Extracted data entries

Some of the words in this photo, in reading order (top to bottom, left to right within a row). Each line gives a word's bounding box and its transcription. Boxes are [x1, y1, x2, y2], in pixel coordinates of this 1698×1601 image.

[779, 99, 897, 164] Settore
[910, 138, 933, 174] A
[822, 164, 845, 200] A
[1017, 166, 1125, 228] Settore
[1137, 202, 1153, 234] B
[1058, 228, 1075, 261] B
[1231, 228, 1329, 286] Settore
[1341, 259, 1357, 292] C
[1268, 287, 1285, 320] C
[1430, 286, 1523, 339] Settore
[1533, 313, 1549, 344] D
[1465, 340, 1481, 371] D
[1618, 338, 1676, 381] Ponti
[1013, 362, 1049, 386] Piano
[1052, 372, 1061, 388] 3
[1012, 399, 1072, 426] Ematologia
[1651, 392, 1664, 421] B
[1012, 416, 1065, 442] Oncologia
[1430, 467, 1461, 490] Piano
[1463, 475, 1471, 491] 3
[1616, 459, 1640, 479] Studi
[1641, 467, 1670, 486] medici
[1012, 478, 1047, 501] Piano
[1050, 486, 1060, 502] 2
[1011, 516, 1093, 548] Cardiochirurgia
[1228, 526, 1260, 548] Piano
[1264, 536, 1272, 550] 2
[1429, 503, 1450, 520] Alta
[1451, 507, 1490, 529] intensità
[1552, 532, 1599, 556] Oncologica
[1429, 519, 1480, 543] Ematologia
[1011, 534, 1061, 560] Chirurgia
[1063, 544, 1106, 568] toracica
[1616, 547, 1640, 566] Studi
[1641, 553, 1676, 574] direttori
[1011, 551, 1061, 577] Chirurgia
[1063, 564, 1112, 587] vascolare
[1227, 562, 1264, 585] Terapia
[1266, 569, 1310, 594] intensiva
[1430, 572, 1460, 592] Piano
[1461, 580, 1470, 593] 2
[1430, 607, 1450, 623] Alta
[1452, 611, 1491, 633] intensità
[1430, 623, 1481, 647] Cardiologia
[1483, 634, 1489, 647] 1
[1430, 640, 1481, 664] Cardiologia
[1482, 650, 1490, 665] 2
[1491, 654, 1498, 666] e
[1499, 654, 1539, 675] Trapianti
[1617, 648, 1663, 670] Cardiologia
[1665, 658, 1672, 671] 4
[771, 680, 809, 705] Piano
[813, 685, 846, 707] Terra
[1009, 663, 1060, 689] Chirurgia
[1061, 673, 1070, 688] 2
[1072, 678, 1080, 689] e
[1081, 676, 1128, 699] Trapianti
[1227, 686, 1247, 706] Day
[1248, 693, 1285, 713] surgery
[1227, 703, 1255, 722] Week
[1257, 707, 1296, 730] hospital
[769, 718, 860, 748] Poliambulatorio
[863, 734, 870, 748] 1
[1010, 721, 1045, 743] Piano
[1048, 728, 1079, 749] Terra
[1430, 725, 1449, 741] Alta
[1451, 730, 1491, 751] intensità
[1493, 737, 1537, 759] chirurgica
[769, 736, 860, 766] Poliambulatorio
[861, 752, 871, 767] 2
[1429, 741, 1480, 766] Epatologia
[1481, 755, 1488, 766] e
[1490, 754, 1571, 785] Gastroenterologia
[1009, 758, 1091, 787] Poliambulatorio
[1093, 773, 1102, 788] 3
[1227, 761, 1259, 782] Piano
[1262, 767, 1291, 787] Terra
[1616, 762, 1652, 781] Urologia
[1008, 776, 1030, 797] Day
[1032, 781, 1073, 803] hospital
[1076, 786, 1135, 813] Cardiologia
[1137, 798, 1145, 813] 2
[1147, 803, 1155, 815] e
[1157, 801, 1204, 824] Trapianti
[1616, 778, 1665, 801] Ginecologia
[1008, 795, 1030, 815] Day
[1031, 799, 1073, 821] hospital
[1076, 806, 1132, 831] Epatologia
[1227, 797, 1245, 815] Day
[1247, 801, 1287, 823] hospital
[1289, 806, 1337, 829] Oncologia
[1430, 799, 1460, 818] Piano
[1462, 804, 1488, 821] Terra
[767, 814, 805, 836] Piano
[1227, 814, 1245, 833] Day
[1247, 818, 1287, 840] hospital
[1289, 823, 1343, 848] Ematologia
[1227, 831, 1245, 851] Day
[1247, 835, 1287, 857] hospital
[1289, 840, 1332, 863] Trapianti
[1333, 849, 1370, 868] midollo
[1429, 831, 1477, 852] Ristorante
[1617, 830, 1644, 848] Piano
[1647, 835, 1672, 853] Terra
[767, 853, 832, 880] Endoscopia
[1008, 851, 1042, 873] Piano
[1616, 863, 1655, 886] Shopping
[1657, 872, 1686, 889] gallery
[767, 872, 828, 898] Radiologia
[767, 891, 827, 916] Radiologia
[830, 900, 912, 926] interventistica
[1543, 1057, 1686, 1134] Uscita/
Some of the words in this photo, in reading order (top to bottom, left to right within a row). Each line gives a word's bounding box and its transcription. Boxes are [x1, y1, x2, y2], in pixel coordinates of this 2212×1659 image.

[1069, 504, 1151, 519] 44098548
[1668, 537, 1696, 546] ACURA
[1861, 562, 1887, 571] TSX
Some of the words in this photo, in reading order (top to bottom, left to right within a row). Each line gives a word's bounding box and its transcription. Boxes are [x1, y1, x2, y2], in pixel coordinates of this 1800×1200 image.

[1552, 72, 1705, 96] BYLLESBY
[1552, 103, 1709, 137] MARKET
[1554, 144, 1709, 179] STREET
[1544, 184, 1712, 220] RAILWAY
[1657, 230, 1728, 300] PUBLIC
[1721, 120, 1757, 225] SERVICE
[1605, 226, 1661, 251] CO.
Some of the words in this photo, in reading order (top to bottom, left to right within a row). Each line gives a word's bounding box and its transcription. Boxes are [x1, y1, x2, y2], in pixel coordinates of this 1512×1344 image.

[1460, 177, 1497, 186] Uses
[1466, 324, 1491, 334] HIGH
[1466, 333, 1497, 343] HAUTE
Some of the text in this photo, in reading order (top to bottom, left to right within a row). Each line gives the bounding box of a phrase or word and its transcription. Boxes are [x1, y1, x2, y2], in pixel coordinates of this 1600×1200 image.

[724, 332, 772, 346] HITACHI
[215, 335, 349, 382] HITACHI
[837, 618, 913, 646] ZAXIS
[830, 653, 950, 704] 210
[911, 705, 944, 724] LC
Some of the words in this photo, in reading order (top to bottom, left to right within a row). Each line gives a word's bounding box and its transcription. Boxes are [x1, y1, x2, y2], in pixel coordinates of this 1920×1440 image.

# WORK TO BE COMPLETED
Reproduce each of the records word for word.

# TASK RESULT
Some of the words in this photo, in reading order (top to bottom, left to right within a row). Each line gives a word's bounding box and its transcription. Boxes are [x1, y1, x2, y2], in pixel coordinates of this 1698×1601 image.

[779, 99, 897, 164] Settore
[910, 138, 933, 174] A
[822, 164, 845, 200] A
[1017, 166, 1125, 228] Settore
[1137, 202, 1153, 234] B
[1058, 228, 1075, 261] B
[1231, 228, 1329, 286] Settore
[1341, 259, 1357, 292] C
[1268, 287, 1285, 320] C
[1430, 286, 1523, 339] Settore
[1533, 313, 1549, 344] D
[1465, 340, 1481, 371] D
[1618, 338, 1676, 381] Ponti
[1013, 362, 1049, 386] Piano
[1052, 372, 1061, 388] 3
[1012, 399, 1072, 426] Ematologia
[1651, 392, 1664, 421] B
[1012, 416, 1065, 442] Oncologia
[1430, 467, 1461, 490] Piano
[1463, 475, 1471, 491] 3
[1616, 459, 1640, 479] Studi
[1641, 467, 1670, 486] medici
[1012, 478, 1047, 501] Piano
[1050, 486, 1060, 502] 2
[1011, 516, 1093, 548] Cardiochirurgia
[1228, 526, 1260, 548] Piano
[1264, 536, 1272, 550] 2
[1429, 503, 1450, 520] Alta
[1451, 507, 1490, 529] intensità
[1552, 532, 1599, 556] Oncologica
[1429, 519, 1480, 543] Ematologia
[1011, 534, 1061, 560] Chirurgia
[1063, 544, 1106, 568] toracica
[1616, 547, 1640, 566] Studi
[1641, 553, 1676, 574] direttori
[1011, 551, 1061, 577] Chirurgia
[1063, 564, 1112, 587] vascolare
[1227, 562, 1264, 585] Terapia
[1266, 569, 1310, 594] intensiva
[1430, 572, 1460, 592] Piano
[1461, 580, 1470, 593] 2
[1430, 607, 1450, 623] Alta
[1452, 611, 1491, 633] intensità
[1430, 623, 1481, 647] Cardiologia
[1483, 634, 1489, 647] 1
[1430, 640, 1481, 664] Cardiologia
[1482, 650, 1490, 665] 2
[1491, 654, 1498, 666] e
[1499, 654, 1539, 675] Trapianti
[1617, 648, 1663, 670] Cardiologia
[1665, 658, 1672, 671] 4
[771, 680, 809, 705] Piano
[813, 685, 846, 707] Terra
[1009, 663, 1060, 689] Chirurgia
[1061, 673, 1070, 688] 2
[1072, 678, 1080, 689] e
[1081, 676, 1128, 699] Trapianti
[1227, 686, 1247, 706] Day
[1248, 693, 1285, 713] surgery
[1227, 703, 1255, 722] Week
[1257, 707, 1296, 730] hospital
[769, 718, 860, 748] Poliambulatorio
[863, 734, 870, 748] 1
[1010, 721, 1045, 743] Piano
[1048, 728, 1079, 749] Terra
[1430, 725, 1449, 741] Alta
[1451, 730, 1491, 751] intensità
[1493, 737, 1537, 759] chirurgica
[769, 736, 860, 766] Poliambulatorio
[861, 752, 871, 767] 2
[1429, 741, 1480, 766] Epatologia
[1481, 755, 1488, 766] e
[1490, 754, 1571, 785] Gastroenterologia
[1009, 758, 1091, 787] Poliambulatorio
[1093, 773, 1102, 788] 3
[1227, 761, 1259, 782] Piano
[1262, 767, 1291, 787] Terra
[1616, 762, 1652, 781] Urologia
[1008, 776, 1030, 797] Day
[1032, 781, 1073, 803] hospital
[1076, 786, 1135, 813] Cardiologia
[1137, 798, 1145, 813] 2
[1147, 803, 1155, 815] e
[1157, 801, 1204, 824] Trapianti
[1616, 778, 1665, 801] Ginecologia
[1008, 795, 1030, 815] Day
[1031, 799, 1073, 821] hospital
[1076, 806, 1132, 831] Epatologia
[1227, 797, 1245, 815] Day
[1247, 801, 1287, 823] hospital
[1289, 806, 1337, 829] Oncologia
[1430, 799, 1460, 818] Piano
[1462, 804, 1488, 821] Terra
[767, 814, 805, 836] Piano
[1227, 814, 1245, 833] Day
[1247, 818, 1287, 840] hospital
[1289, 823, 1343, 848] Ematologia
[1227, 831, 1245, 851] Day
[1247, 835, 1287, 857] hospital
[1289, 840, 1332, 863] Trapianti
[1333, 849, 1370, 868] midollo
[1429, 831, 1477, 852] Ristorante
[1617, 830, 1644, 848] Piano
[1647, 835, 1672, 853] Terra
[767, 853, 832, 880] Endoscopia
[1008, 851, 1042, 873] Piano
[1616, 863, 1655, 886] Shopping
[1657, 872, 1686, 889] gallery
[767, 872, 828, 898] Radiologia
[767, 891, 827, 916] Radiologia
[830, 900, 912, 926] interventistica
[1543, 1057, 1686, 1134] Uscita/
Some of the words in this photo, in reading order (top to bottom, left to right within a row). Each line gives a word's bounding box and its transcription. Boxes are [x1, y1, x2, y2], in pixel coordinates of this 2212×1659 image.

[1069, 504, 1151, 519] 44098548
[1668, 537, 1696, 546] ACURA
[1861, 562, 1887, 571] TSX
Some of the words in this photo, in reading order (top to bottom, left to right within a row). Each line gives a word's bounding box and its transcription. Boxes are [x1, y1, x2, y2], in pixel coordinates of this 1800×1200 image.

[1552, 72, 1705, 96] BYLLESBY
[1552, 103, 1709, 137] MARKET
[1554, 144, 1709, 179] STREET
[1544, 184, 1712, 220] RAILWAY
[1657, 230, 1728, 300] PUBLIC
[1721, 120, 1757, 225] SERVICE
[1605, 226, 1661, 251] CO.
Some of the words in this photo, in reading order (top to bottom, left to right within a row). Each line gives a word's bounding box and its transcription. Boxes are [x1, y1, x2, y2], in pixel coordinates of this 1512×1344 image.

[1460, 177, 1497, 186] Uses
[1466, 324, 1491, 334] HIGH
[1466, 333, 1497, 343] HAUTE
Some of the text in this photo, in reading order (top to bottom, left to right within a row). Each line gives the bounding box of a phrase or word and its transcription. Boxes are [x1, y1, x2, y2], in pixel coordinates of this 1600×1200 image.

[724, 332, 772, 346] HITACHI
[215, 335, 349, 382] HITACHI
[837, 618, 913, 646] ZAXIS
[830, 653, 950, 704] 210
[911, 705, 944, 724] LC
Some of the words in this photo, in reading order (top to bottom, left to right within a row). Each line gives a word's bounding box and its transcription. Boxes are [x1, y1, x2, y2], in pixel coordinates of this 1920×1440 image.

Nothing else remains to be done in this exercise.